Я достал из коробки на письменном столе сигарету. Он пододвинул мне спички. Несколько штук я просыпал на пол.

— Ну а я человек, что называется, приверженный земным страстям, — продолжал Андрэ. — Всякое воздержание противно моей натуре.

Я чиркнул спичкой, но сигарета зажглась с одного боку, и мне пришлось сделать подряд несколько сильных затяжек.

— Поэтому жизнь в нашем студенческом общежитии чертовски тяготила меня. Особенно после того, как я обратил свой взор на Венке. Была в ней какая-то особая пружинистая гибкость, в Венке, и еще у нее верхняя губа вздергивалась, когда она улыбалась, да. Однако при тогдашних строгостях в нашем обиталище я был связан по рукам и ногам. «Приводить в комнаты посторонних и собирать компании воспрещается», помнишь? Где уж тут было развернуться, я и поговорить-то с ней толком не мог.

Что-то рассекло ясную гладь синего неба за окном. Лист, кленовый лист, кружась на ветру, ударился о стекло и прилип к нему. Мне вдруг вспомнилось, что и тогда тоже стояла осень, в тот день, когда я впервые встретился с Андрэ и Венке и со всеми остальными.

— Но вот как-то вечером я пригласил ее прогуляться. Мы зашли в кондитерскую Халворсена. Помнишь такую? Бог ты мой, как я тогда волновался.

Он часто заморгал глазами, опустил ногу на пол, потер себе ляжку и вдавил сигару в пепельницу.

— В обычном случае, — продолжал он задумчиво, — проще всего совратить женщину, действуя на нее своим телесным теплом. Идешь с ней танцевать, или стоишь с ней рядом в подъезде, или садишься с ней вместе в одно кресло, или, наконец, сидишь возле нее в машине. Для начала поцелуешь ее и постараешься, чтобы твое тепло передалось ее телу. Это несложно. Тут чисто физическое воздействие, исключительно ручная, так сказать, работа.
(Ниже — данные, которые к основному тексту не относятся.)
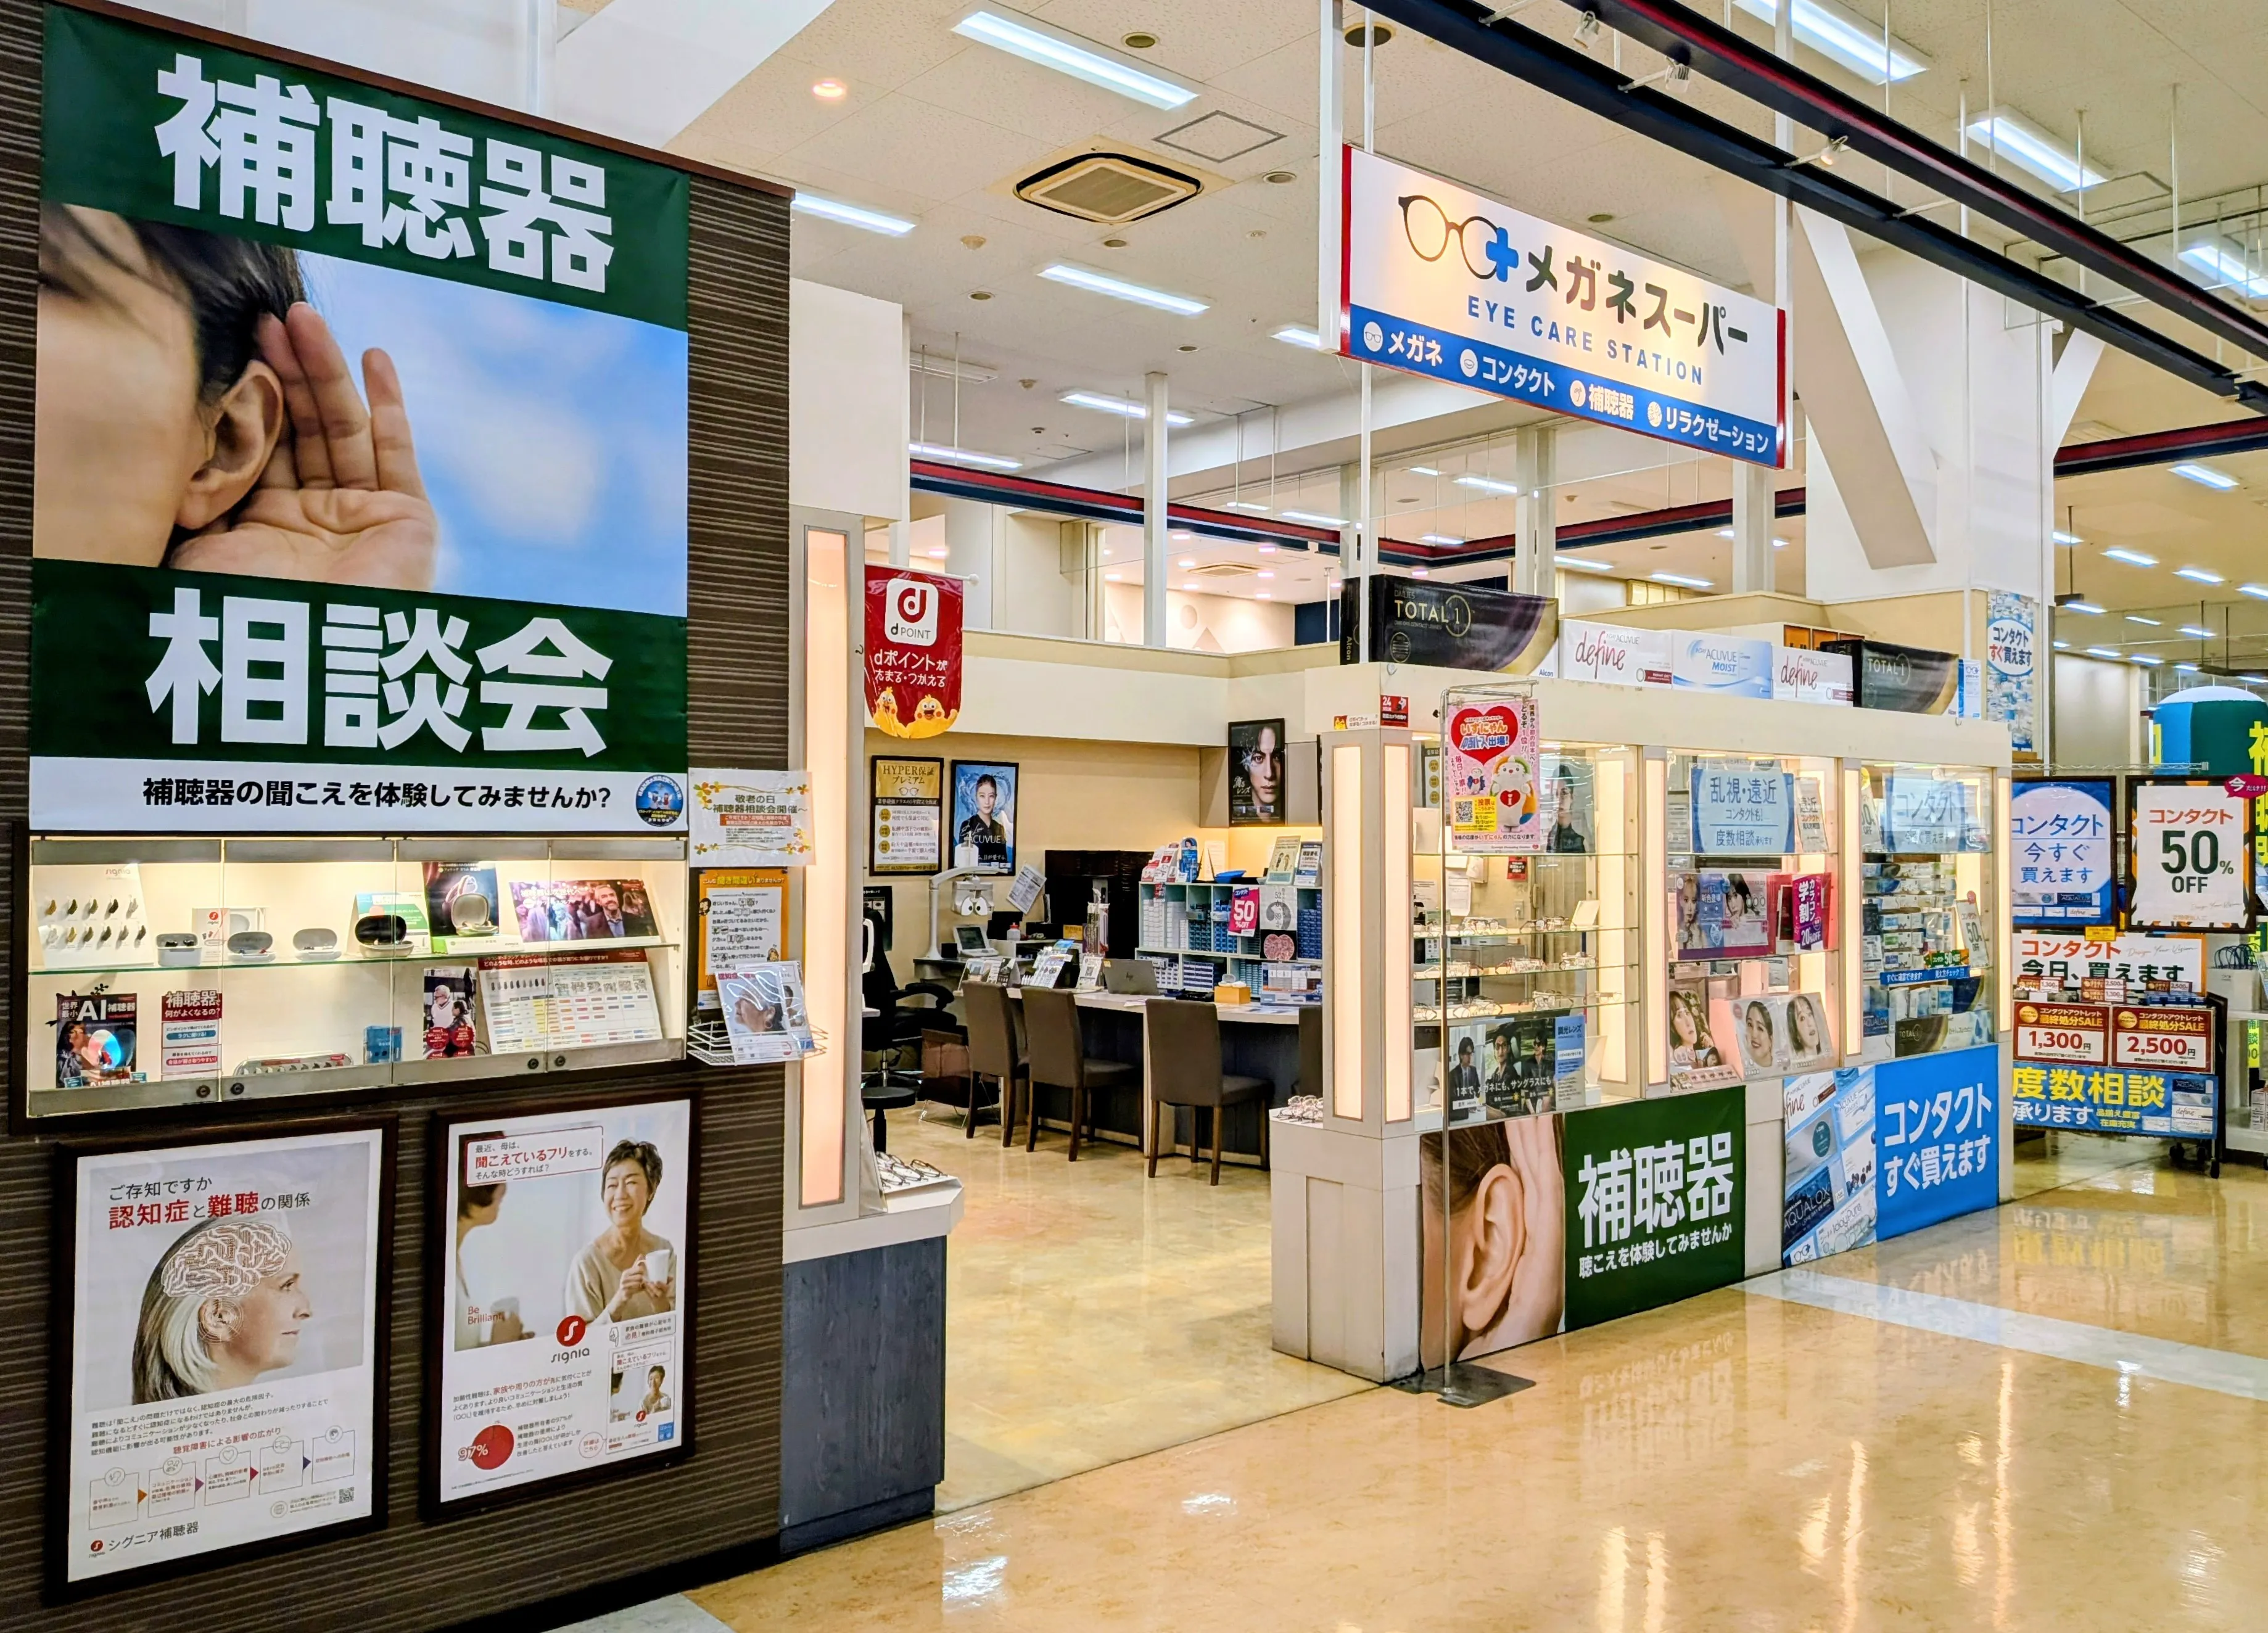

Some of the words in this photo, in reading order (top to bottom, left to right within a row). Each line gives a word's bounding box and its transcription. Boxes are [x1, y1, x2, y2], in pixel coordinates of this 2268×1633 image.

Слов никаких не требуется. А если и пользуешься словами, то они слетают с языка без труда. Все бесстыдное, похотливое сглаживается само собой, когда шепчешь такие слова, уткнувшись в пышную копну девичьих волос. На близком расстоянии все становится просто.

Он притушил огрызком сигары последние искорки в пепельнице. Я взглянул на кленовый лист. Он все еще держался на стекле.

— Но в тот раз с Венке, — снова заговорил Андрэ, — я вынужден был обходиться одними лишь словами. Мы с ней сидели посреди освещенной кондитерской. Никаких условий для интимного общения по пути туда или обратно тоже не было. Мне надо было добиться ее согласия прямо там, посреди кондитерской. При безжалостном свете электрических ламп. Ну и я начал говорить.